## [EXTRACTED MATERIAL]
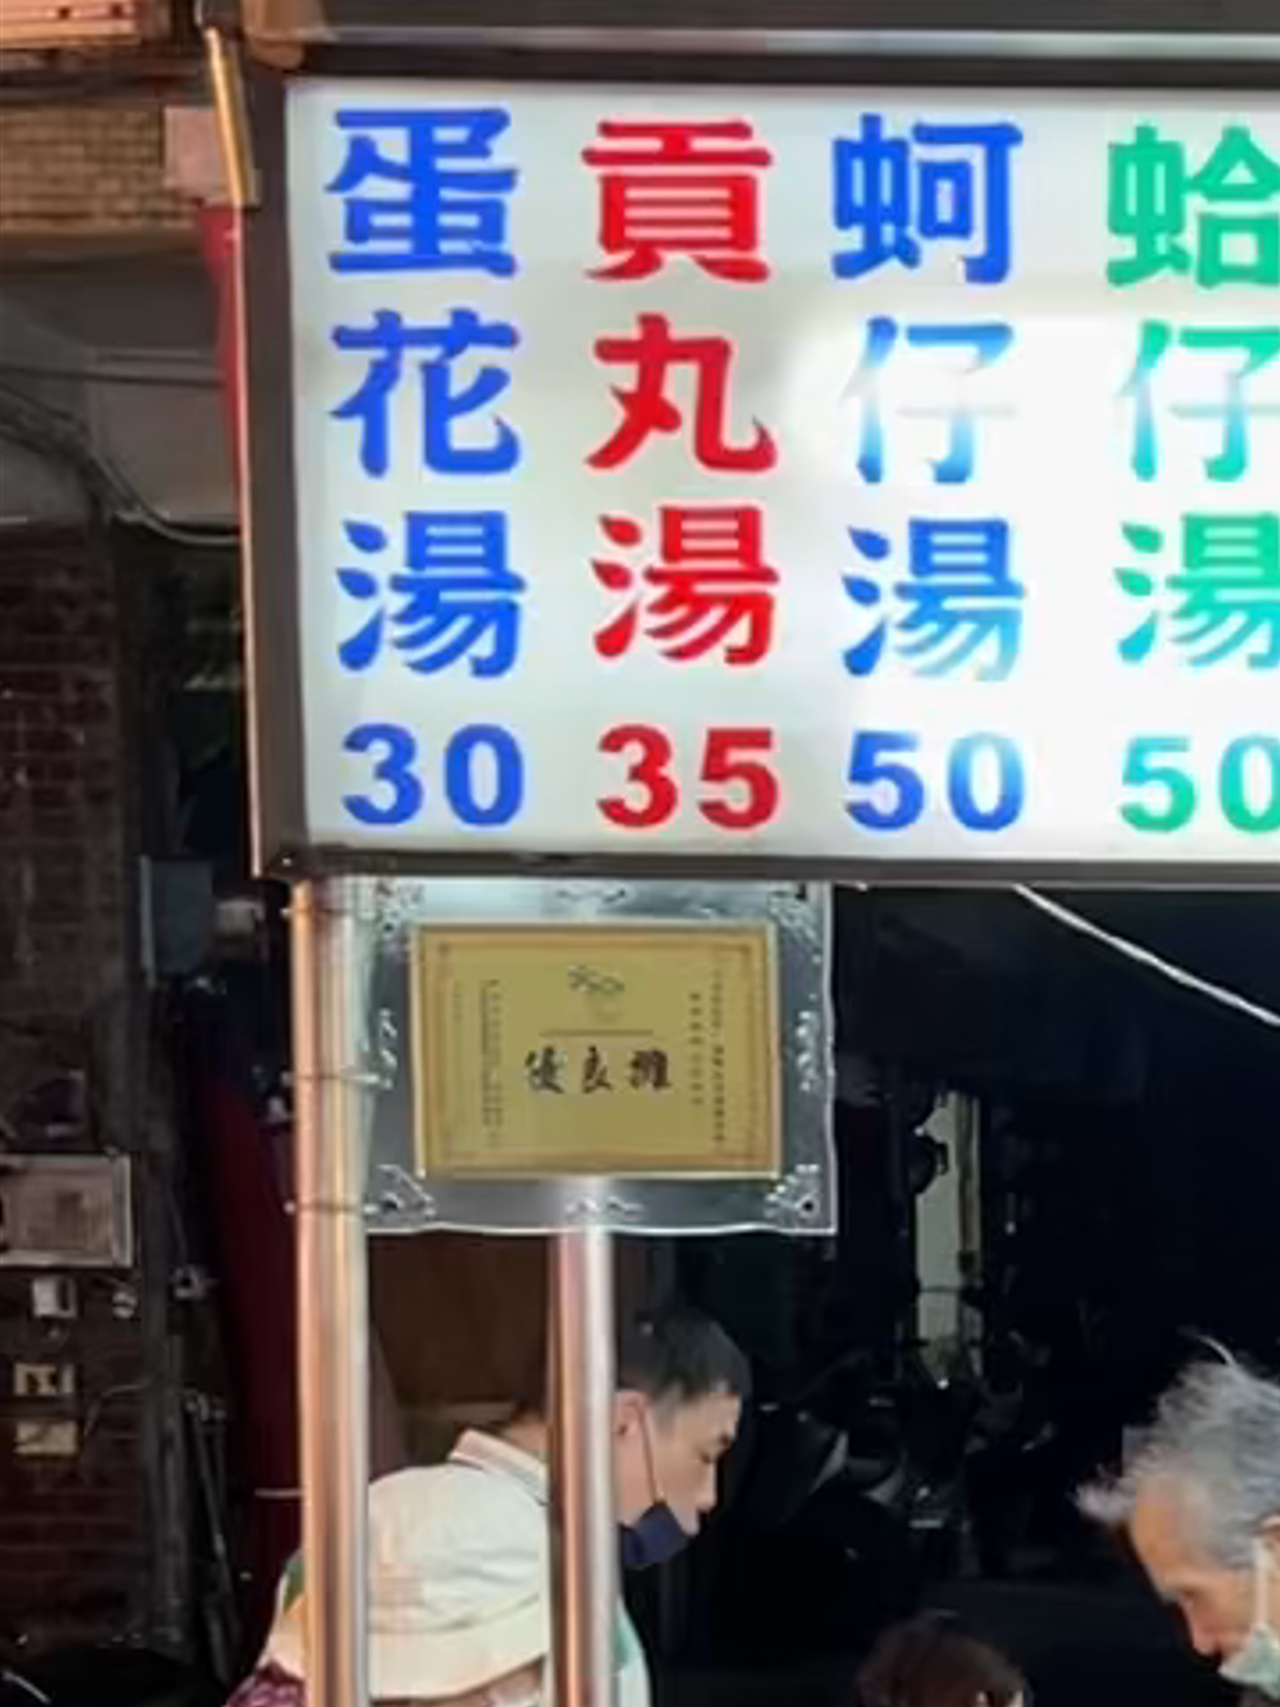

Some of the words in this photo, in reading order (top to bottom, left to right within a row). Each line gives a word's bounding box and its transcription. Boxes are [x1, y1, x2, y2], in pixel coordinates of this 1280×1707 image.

[325, 105, 530, 681] 蛋花湯
[581, 119, 783, 669] 貢丸湯
[830, 111, 1028, 681] 蚵仔湯
[341, 721, 528, 831] 30
[597, 723, 783, 833] 35
[845, 729, 1027, 836] 50

## [TRY IT]
Could every entry be restated word for word, pictures excluded?

## [OUTPUT FOR THIS TASK]
Some of the words in this photo, in reading order (top to bottom, left to right within a row). Each line gives a word's bounding box and its transcription. Boxes are [x1, y1, x2, y2], in pixel coordinates of this 1280×1707 image.

[325, 105, 530, 681] 蛋花湯
[581, 119, 783, 669] 貢丸湯
[830, 111, 1028, 681] 蚵仔湯
[341, 721, 528, 831] 30
[597, 723, 783, 833] 35
[845, 729, 1027, 836] 50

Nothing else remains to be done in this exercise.